Wally came to me from the Connecticut Humane Society. The animal behaviorist, Joanne, had adopted him and after a few weeks at her home she came to the conclusion it was in his best interest if he found another home. She had a Belgian Malinois she was training and she said Wally would torment him to the point she was afraid the other dog would hurt him. Being a puppy and an Australian Cattle Dog gave Wally a huge attitude and a belief that he was invincible. She asked me to take him with the promise that I would keep him and not adopt him out.
The smartest and cockiest dog I've ever had
Wally wasn't a purebred Cattle Dog. He had something else in him, probably hound. He had a smooth coat and long legs. He was probably one of the smartest and cockiest dogs I've ever had. Wally could jump like a deer. We had a fenced in area for the dogs with a fence that was four feet high. Wally could sail over that with ease. Keith and Wally had a competition going and it was funny to see a man and a dog having a battle of wits. So Keith decided he'd build a fence Wally couldn't jump. He spent days building a barricade that would put Fort Knox to shame. It was a six foot high stockade fence. Once it was finished he told me to put Wally in the house. "Let's see him get out of this fence", he said as he crossed his arms.
Before I could get out of the house Wally flew over the fence and then sat proudly alongside Keith looking at him with a big grin. Keith went back to work on the fence, securing it so there was "no way that blankety, blank dog would get out this time." So I put Wally back in the fence and again before I could get out the door Wally leaped the fence and went over to Keith, proud of his achievement. Keith's hard work wasn't for naught - none of the other dogs could get out.

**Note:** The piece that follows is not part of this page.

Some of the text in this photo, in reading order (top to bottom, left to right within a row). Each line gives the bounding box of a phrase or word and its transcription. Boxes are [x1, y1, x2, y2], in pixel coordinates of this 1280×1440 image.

The UPS guy wanted an encore jump
The UPS guy came to the house one day to make a delivery. Wally jumped the fence to greet him. As he handed me the package he exclaimed "did that dog just jump that fence?" "Yep" "Can you make him do it again?" "Sure" So I put Wally back in the house and to the amazement of the delivery driver he jumped the fence. The driver always loved to come to the house just to wait for Wally to jump the fence and greet him.
Wally went everywhere with me. He would sit in the back seat of the truck. He sat right on his butt. Whenever I looked into the rear view I would see him sitting tall and proud. He never missed a trick. When I would get out of the truck he'd jump into the front seat and sit behind the steering wheel keeping guard until I came back.

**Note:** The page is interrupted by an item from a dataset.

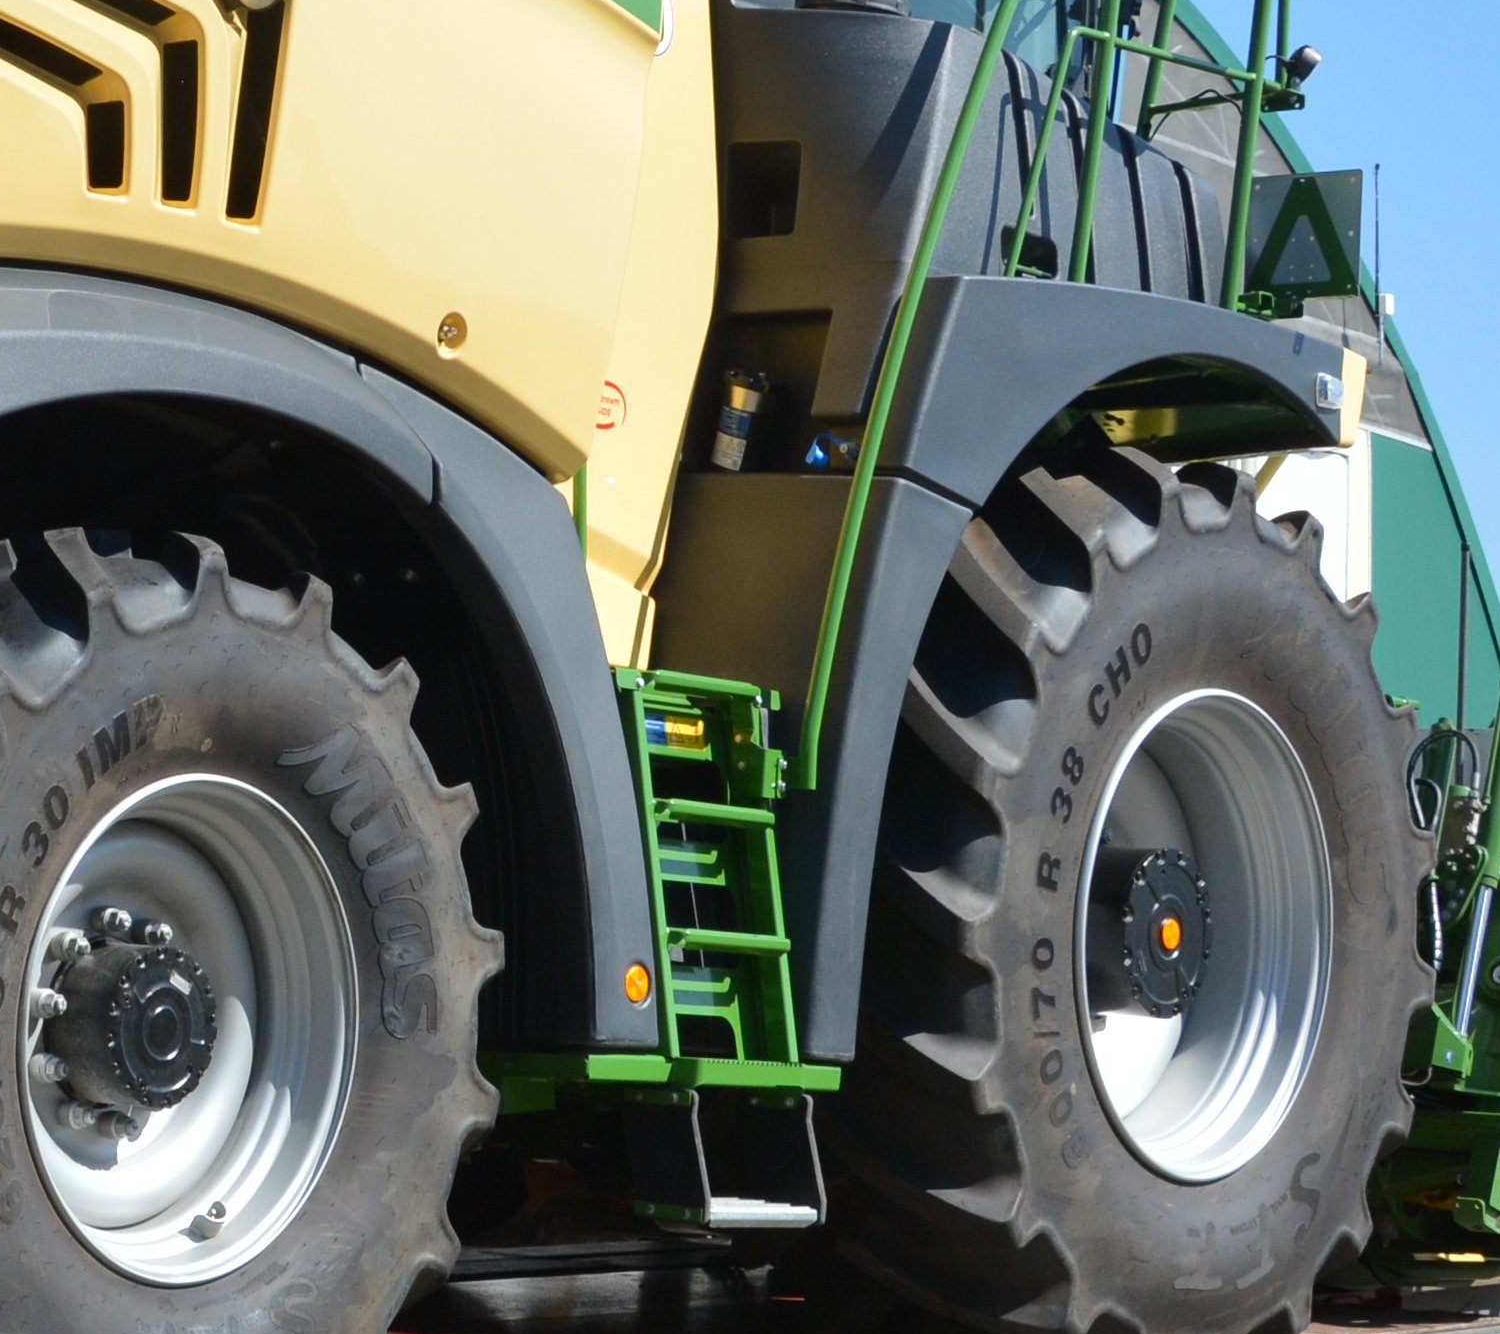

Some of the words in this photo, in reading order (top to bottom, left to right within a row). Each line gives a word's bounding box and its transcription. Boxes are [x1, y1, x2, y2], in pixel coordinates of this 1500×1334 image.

[22, 783, 70, 869] 30
[1038, 853, 1062, 892] R
[1050, 744, 1084, 825] 38
[1088, 622, 1154, 727] CHO

Wally was too overzealous to be earn a horse loading job
Sydney was always the horse loading dog so I decided I'd have him teach Wally the ropes so he'd have a backup. But Wally was way too eager and determined to load the horses. He was relentless, nipping and biting their heels, and then grabbing their tails. We had to stop using him. People don't appreciate it when you deliver their horse with blood dripping down their legs.
Since Wally was so smart and athletic I decided to take him to agility classes. He first had to complete an obedience class. He was the star student. Always eager to please he learned every command in no time. Come, sit, down, stay, leave it, now - he was always ready to learn something new. He passed his obedience class with flying colors and then started agility.
Agility was right up his alley
Agility was right up his alley. He loved the different obstacles. There was a seesaw, an A frame, tunnels, weave poles, jumps, and his favorite - a barrel with a cloth tunnel at the end. When he went through the barrel he would give a small leap through the cloth tunnel. Often he would be so excited about this obstacle if another dog was going through it he would race over and jump on it while the other dog was coming out. He would fly through each test and couldn't wait to do the next one. I don't know which one of us had more fun - him or me. The instructor usually stood by the A frame while we completed the course so when Wally was done he would race back to the A frame, jump to the top of it and lick the instructor's face. No wonder he earned the title of Teacher's Pet.
Wally's life was cut short by a tragic accident. It was the worst day of my life. Keith was on the road and I was home alone. He died in my arms. I've often said if I was ever granted just one wish it would be to turn back time to that day and change the event that took him from me. For the longest time after he died I'd look into the rear view mirror expecting to see him sitting in the back seat. There have been a few times I'm sure I have seen him. I know he's always with me. His collar hangs from the rear view mirror.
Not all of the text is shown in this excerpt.